WHAT YOU WILL DO:
Only an exact retyping of all the entries counts as an answer.

STORED DATA:
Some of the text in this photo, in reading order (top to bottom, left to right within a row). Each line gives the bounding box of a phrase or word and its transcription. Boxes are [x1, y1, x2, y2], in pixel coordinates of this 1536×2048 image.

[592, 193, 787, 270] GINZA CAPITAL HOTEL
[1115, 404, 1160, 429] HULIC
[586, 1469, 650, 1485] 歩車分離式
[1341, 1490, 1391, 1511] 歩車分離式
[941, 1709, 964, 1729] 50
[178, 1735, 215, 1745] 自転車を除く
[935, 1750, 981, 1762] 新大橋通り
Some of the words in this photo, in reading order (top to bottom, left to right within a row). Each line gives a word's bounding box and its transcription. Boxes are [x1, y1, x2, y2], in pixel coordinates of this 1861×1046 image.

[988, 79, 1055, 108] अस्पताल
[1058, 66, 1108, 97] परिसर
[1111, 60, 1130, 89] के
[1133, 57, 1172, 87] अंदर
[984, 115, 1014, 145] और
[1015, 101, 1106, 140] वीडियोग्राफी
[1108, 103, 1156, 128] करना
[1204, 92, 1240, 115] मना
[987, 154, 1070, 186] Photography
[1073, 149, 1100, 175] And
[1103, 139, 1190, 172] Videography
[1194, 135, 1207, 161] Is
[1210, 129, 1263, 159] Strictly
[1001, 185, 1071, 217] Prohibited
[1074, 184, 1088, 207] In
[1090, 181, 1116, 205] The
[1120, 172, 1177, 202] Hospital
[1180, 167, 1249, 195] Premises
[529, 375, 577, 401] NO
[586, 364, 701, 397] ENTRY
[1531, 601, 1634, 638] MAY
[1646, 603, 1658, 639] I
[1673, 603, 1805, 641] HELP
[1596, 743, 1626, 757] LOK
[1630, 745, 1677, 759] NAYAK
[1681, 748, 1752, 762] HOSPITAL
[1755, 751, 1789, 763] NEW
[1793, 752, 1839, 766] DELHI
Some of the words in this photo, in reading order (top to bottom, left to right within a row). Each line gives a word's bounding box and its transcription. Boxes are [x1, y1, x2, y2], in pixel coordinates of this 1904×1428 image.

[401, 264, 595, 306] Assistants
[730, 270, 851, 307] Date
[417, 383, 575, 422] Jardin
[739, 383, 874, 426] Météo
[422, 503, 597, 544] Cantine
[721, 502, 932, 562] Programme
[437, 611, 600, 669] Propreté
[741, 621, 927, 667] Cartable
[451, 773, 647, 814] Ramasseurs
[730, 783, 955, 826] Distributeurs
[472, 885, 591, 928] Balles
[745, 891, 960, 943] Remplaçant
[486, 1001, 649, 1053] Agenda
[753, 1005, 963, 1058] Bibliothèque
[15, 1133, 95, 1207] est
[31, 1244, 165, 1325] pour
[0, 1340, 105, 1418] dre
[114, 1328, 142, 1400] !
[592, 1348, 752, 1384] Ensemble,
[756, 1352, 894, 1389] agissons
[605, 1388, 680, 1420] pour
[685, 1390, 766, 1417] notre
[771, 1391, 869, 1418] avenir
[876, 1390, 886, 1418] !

COMPLETED EXERCISE:
Some of the text in this photo, in reading order (top to bottom, left to right within a row). Each line gives the bounding box of a phrase or word and its transcription. Boxes are [x1, y1, x2, y2], in pixel coordinates of this 1536×2048 image.

[592, 193, 787, 270] GINZA CAPITAL HOTEL
[1115, 404, 1160, 429] HULIC
[586, 1469, 650, 1485] 歩車分離式
[1341, 1490, 1391, 1511] 歩車分離式
[941, 1709, 964, 1729] 50
[178, 1735, 215, 1745] 自転車を除く
[935, 1750, 981, 1762] 新大橋通り
Some of the words in this photo, in reading order (top to bottom, left to right within a row). Each line gives a word's bounding box and its transcription. Boxes are [x1, y1, x2, y2], in pixel coordinates of this 1861×1046 image.

[988, 79, 1055, 108] अस्पताल
[1058, 66, 1108, 97] परिसर
[1111, 60, 1130, 89] के
[1133, 57, 1172, 87] अंदर
[984, 115, 1014, 145] और
[1015, 101, 1106, 140] वीडियोग्राफी
[1108, 103, 1156, 128] करना
[1204, 92, 1240, 115] मना
[987, 154, 1070, 186] Photography
[1073, 149, 1100, 175] And
[1103, 139, 1190, 172] Videography
[1194, 135, 1207, 161] Is
[1210, 129, 1263, 159] Strictly
[1001, 185, 1071, 217] Prohibited
[1074, 184, 1088, 207] In
[1090, 181, 1116, 205] The
[1120, 172, 1177, 202] Hospital
[1180, 167, 1249, 195] Premises
[529, 375, 577, 401] NO
[586, 364, 701, 397] ENTRY
[1531, 601, 1634, 638] MAY
[1646, 603, 1658, 639] I
[1673, 603, 1805, 641] HELP
[1596, 743, 1626, 757] LOK
[1630, 745, 1677, 759] NAYAK
[1681, 748, 1752, 762] HOSPITAL
[1755, 751, 1789, 763] NEW
[1793, 752, 1839, 766] DELHI
Some of the words in this photo, in reading order (top to bottom, left to right within a row). Each line gives a word's bounding box and its transcription. Boxes are [x1, y1, x2, y2], in pixel coordinates of this 1904×1428 image.

[401, 264, 595, 306] Assistants
[730, 270, 851, 307] Date
[417, 383, 575, 422] Jardin
[739, 383, 874, 426] Météo
[422, 503, 597, 544] Cantine
[721, 502, 932, 562] Programme
[437, 611, 600, 669] Propreté
[741, 621, 927, 667] Cartable
[451, 773, 647, 814] Ramasseurs
[730, 783, 955, 826] Distributeurs
[472, 885, 591, 928] Balles
[745, 891, 960, 943] Remplaçant
[486, 1001, 649, 1053] Agenda
[753, 1005, 963, 1058] Bibliothèque
[15, 1133, 95, 1207] est
[31, 1244, 165, 1325] pour
[0, 1340, 105, 1418] dre
[114, 1328, 142, 1400] !
[592, 1348, 752, 1384] Ensemble,
[756, 1352, 894, 1389] agissons
[605, 1388, 680, 1420] pour
[685, 1390, 766, 1417] notre
[771, 1391, 869, 1418] avenir
[876, 1390, 886, 1418] !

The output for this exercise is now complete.